Nor will it provide solace to the unemployed.

"For them, people may even think that this is cynical," said Paul De Grauwe, an economist with the London School of Economics. "If I were living in Portugal or Spain or Greece, I would be upset about it: 'They are giving this prize to these people in Brussels, and they are the source of my misery.'"

Still, there seems little doubt that the European Union has played a major role in bringing peace to a continent that had known precious little of it.

Growing out of the devastation of World War II, the premise of the project was that closer economic interdependence would ensure that centuries-old enemies never again turn on each other. The EU is now made up of 500 million people in 27 nations, with others lined up to join.

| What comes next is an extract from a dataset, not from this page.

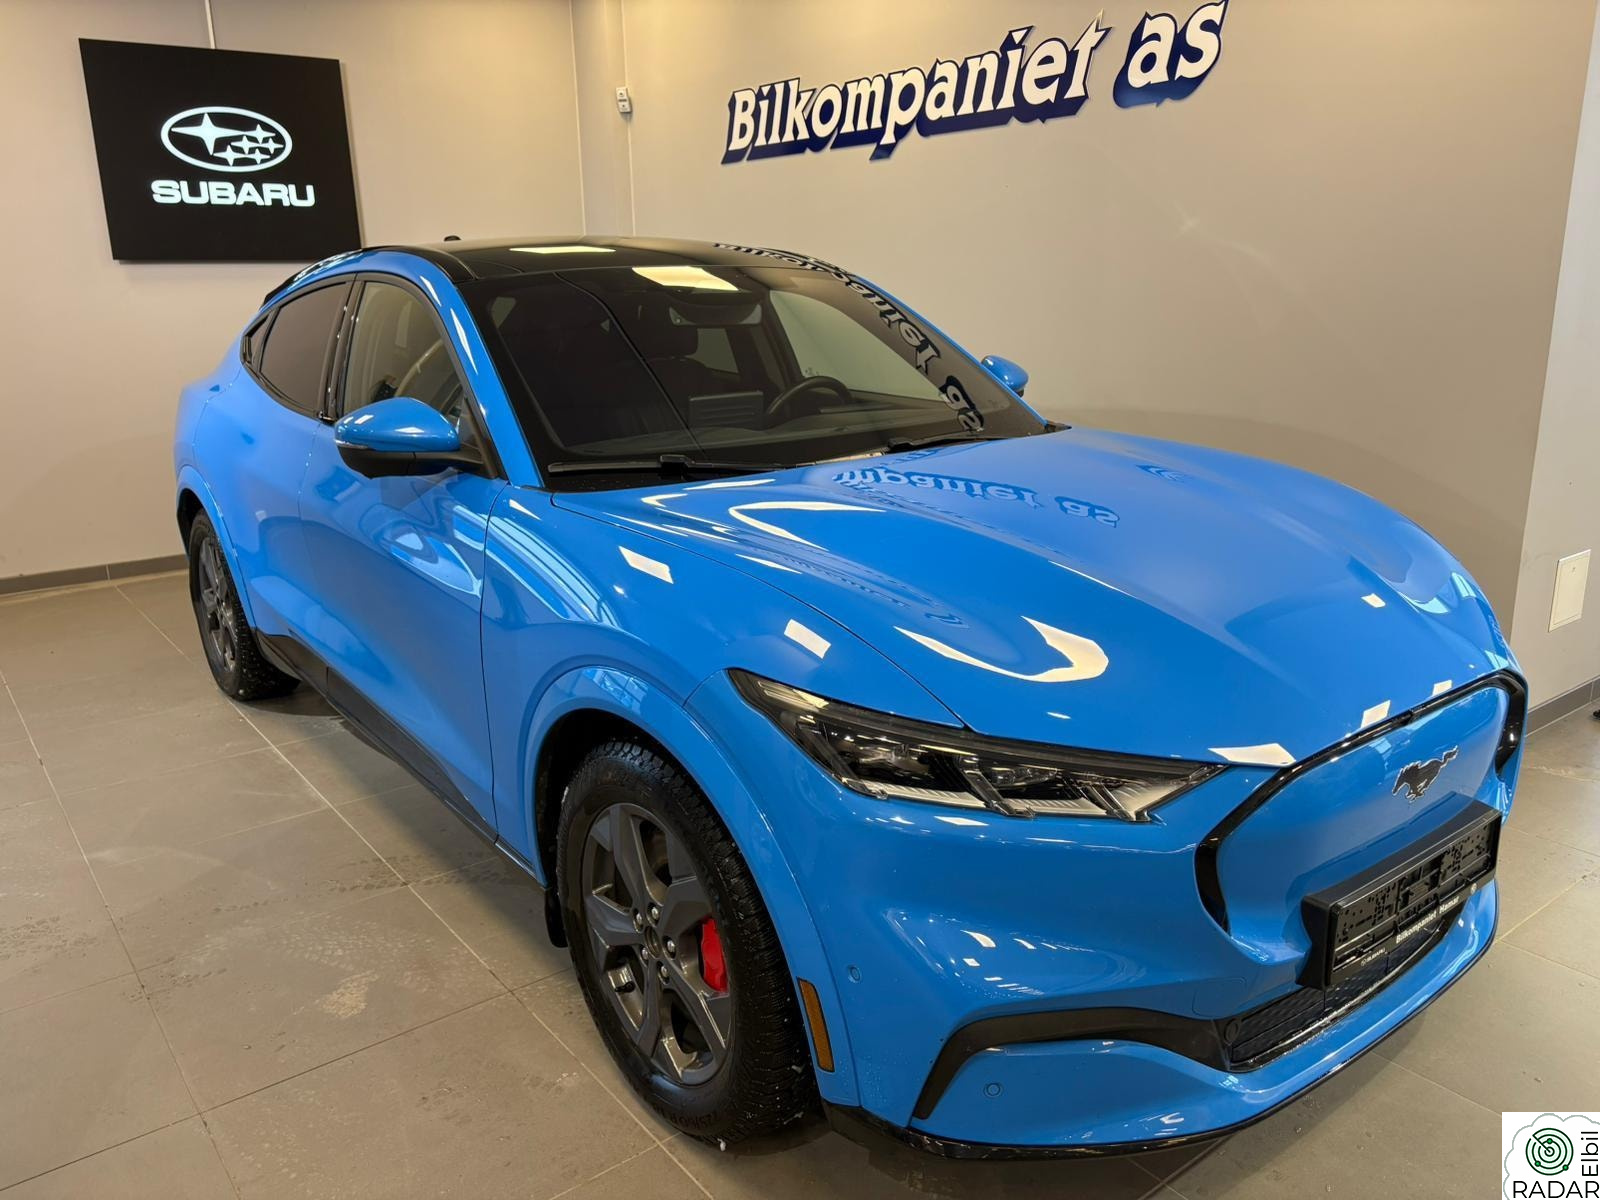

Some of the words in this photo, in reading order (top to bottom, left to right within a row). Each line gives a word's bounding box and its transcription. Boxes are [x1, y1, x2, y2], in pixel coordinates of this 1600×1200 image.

[722, 12, 1112, 164] Bilkompaniet
[1114, 0, 1229, 106] as
[150, 180, 316, 207] SUBARU

"If we ask Europeans anywhere, in any country, of any age, including the youngest ones, they can't imagine that there could be war in Europe today. It's over," said former French President Valerie Giscard d'Estaing, who was born in Germany, fought in World War II and drafted the first version of the EU constitution.

Jacques Delors, often dubbed Mr. Europe for his efforts as European Commission president to push toward greater unity in the 1980s and '90s, said the prize was "a great satisfaction for the founding fathers of Europe, and all the activists for the European cause over the years who tried to make progress on what was for them, at the outset, a dream."

"The European construction is a work of peace. It was meant to reconcile people," Delors said.

White House spokesman Tommy Vietor congratulated the EU in a statement released Friday evening. "We have no stronger partner than Europe and are pleased to see it recognized for its achievements," he said.